[Data records]
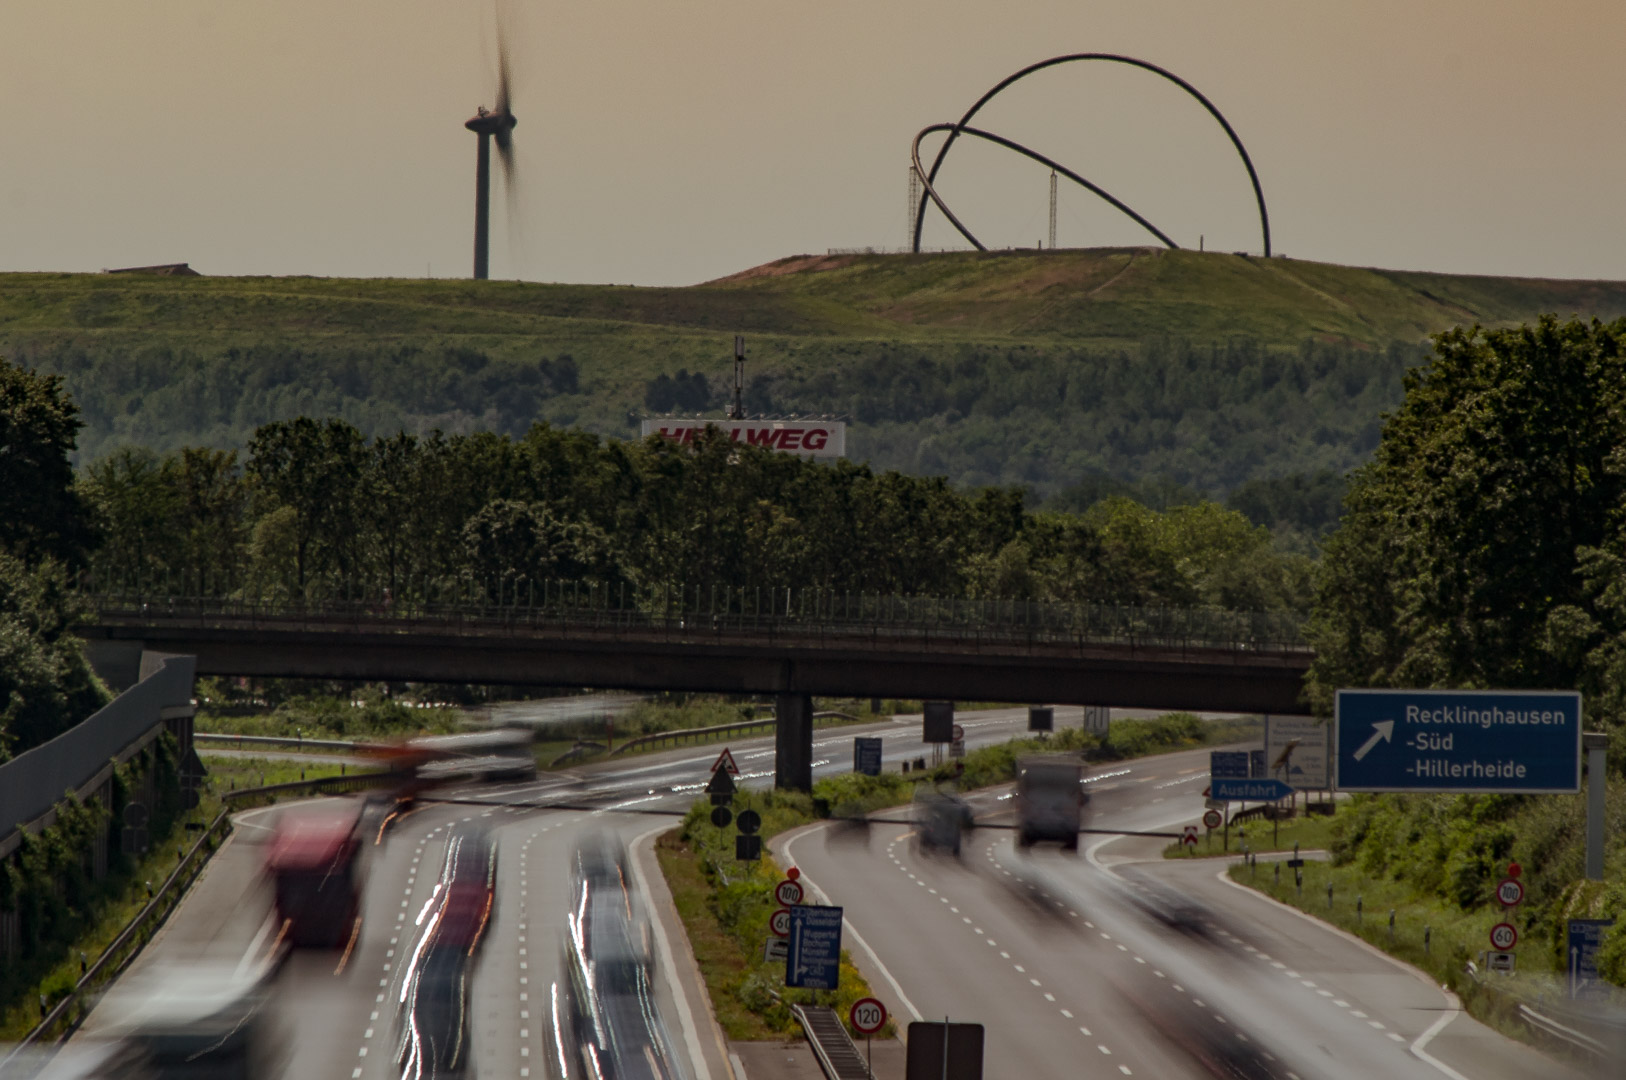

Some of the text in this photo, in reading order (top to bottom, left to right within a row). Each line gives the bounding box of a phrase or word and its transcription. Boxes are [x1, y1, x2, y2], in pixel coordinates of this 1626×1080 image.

[1406, 705, 1565, 729] Recklinghausen
[1406, 732, 1453, 751] -Süd
[1406, 759, 1527, 778] -Hillerheide
[1219, 783, 1277, 797] Ausfahrt
[782, 887, 799, 901] 100
[1502, 886, 1518, 900] 100
[1496, 930, 1512, 943] 60
[857, 1009, 880, 1025] 120

**Task prompt**
Repeat the records above exactly. Pictures do not belong in the copy.

**Response to this exercise**
Some of the text in this photo, in reading order (top to bottom, left to right within a row). Each line gives the bounding box of a phrase or word and its transcription. Boxes are [x1, y1, x2, y2], in pixel coordinates of this 1626×1080 image.

[1406, 705, 1565, 729] Recklinghausen
[1406, 732, 1453, 751] -Süd
[1406, 759, 1527, 778] -Hillerheide
[1219, 783, 1277, 797] Ausfahrt
[782, 887, 799, 901] 100
[1502, 886, 1518, 900] 100
[1496, 930, 1512, 943] 60
[857, 1009, 880, 1025] 120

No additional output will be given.